In this study, Teixeira et al. set out to identify the mechanism that underlies this methylation reestablishment. First, they crossed the methylation defective mutant ddm1 with WT, recovered DDM1 F2 plants and selfed these plants for several generations. They then examined the methylation levels of several loci in the heterochromatic knob region of chromosome 4, and found that methylation was restored for ~50% of the repetitive loci examined (remethylatable sequences (R)), but not for the other ~50% (non-remethylatable sequences (NR)). The patterns of NR and R sequences were consistent between different independent lines. Remethylation did not occur in the F1 generation, but was progressive from the F2 generation onwards and led to silencing of transposable elements. In contrasts to previous models, these findings indicate that a robust and targeted remethylation process takes place.
The authors went on to demonstrate that cytosine remethylation occurred in all three sequence contexts (CG, CHG and CHH where H it A, T or C). They also found that NR sequences had stronger dependence on DDM1 for CHH methylation than did R sequences. Since RNAi components have important roles in CHH methylation, this observation led to the hypothesis that RNAi may be involved in remethylation of R sequences. To test this, they examined small RNA datasets and found that R sequences had a strong association with small RNAs especially 24-nt heterochromatic siRNAs (hc-siRNAs), which are involved in RNA-directed DNA methylation. Moreover, when they combined mutations in the RNAi machinery with ddm1 they observed an enhanced loss of methylation at both R and NR sequences suggesting that RNAi plays a role in the methylation at both types of loci. However, mutations in RNAi components (when not combined with ddm1) resulted in decreased methylation at R, but not NR, sequences. To demonstrate that RNAi plays a direct role in remethylation, they examined whether R sequences were remethylated when RNAi was compromised in the initial generation and found that only sporadic and inconsistent remethylation occurred in several independent progeny lines.
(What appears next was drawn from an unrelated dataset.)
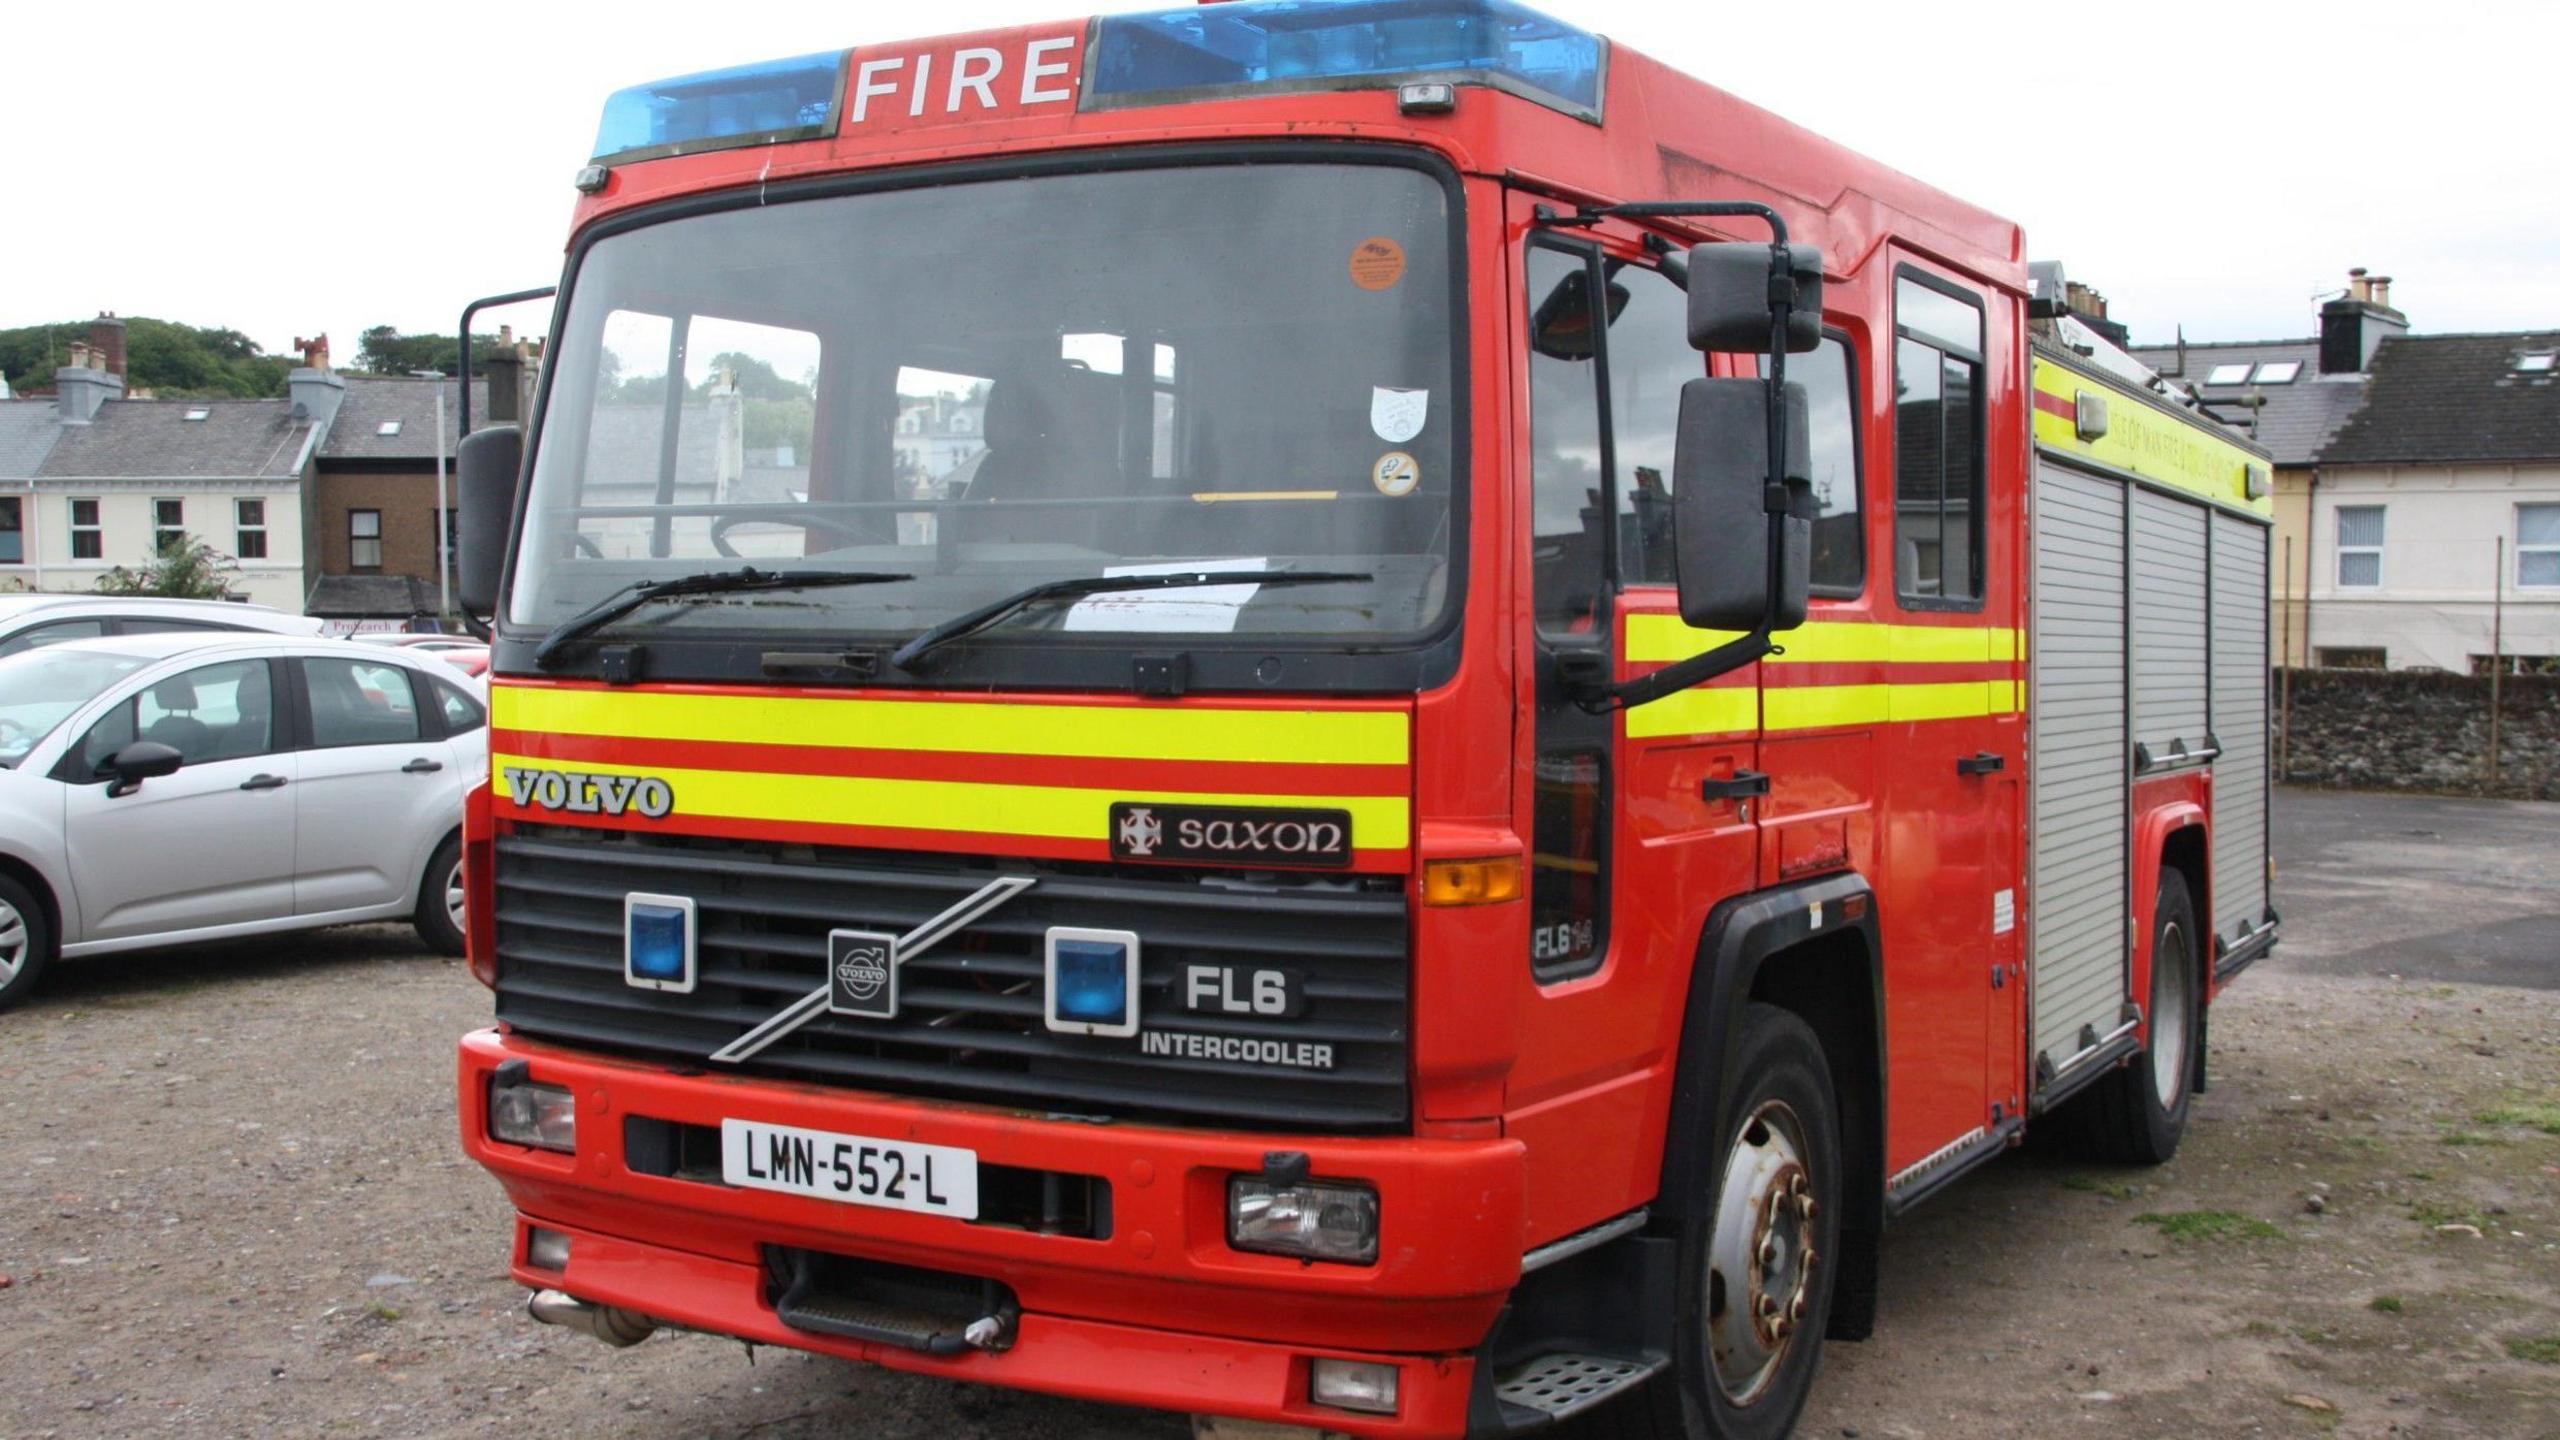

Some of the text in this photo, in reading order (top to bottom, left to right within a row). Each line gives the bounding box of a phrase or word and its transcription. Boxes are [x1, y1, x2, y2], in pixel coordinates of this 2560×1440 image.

Together, these results indicate that RNAi is involved in robust remethylation at specific loci.
Based on these findings, the authors propose that there are three types of methylated loci: those that 1) depend solely on maintenance methylation machinery (NR loci), 2) depend on both maintenance methylation and RNAi components (R loci), and 3) depend solely on RNAi components (unaffected in ddm1 mutants). Furthermore, they speculate that this mechanism may allow for the generation of epialleles with differences in transgenerational stability.
Although, the authors performed a thorough analysis of the 500 kb heterchomatic knob region of chromosome 4, their conclusions could have strengthened if they would have performed a more genome-wide bisulfite sequencing approach to test whether remethylation occurs on a large-scale in both euchromatic and heterochromatic regions. Furthermore, it would have been informative if they would have reported whether small RNA levels increase with each generation. This may have yielded insight into the mechanism behind the progressive nature of remethylation. Several outstanding questions remain. What features distinguish remethylatable vs. non-remethylatable sequences? Why does it take so many generations for remethylation to be re-established? Is there a benefit for the observed slow re-establishment vs. a more rapid one?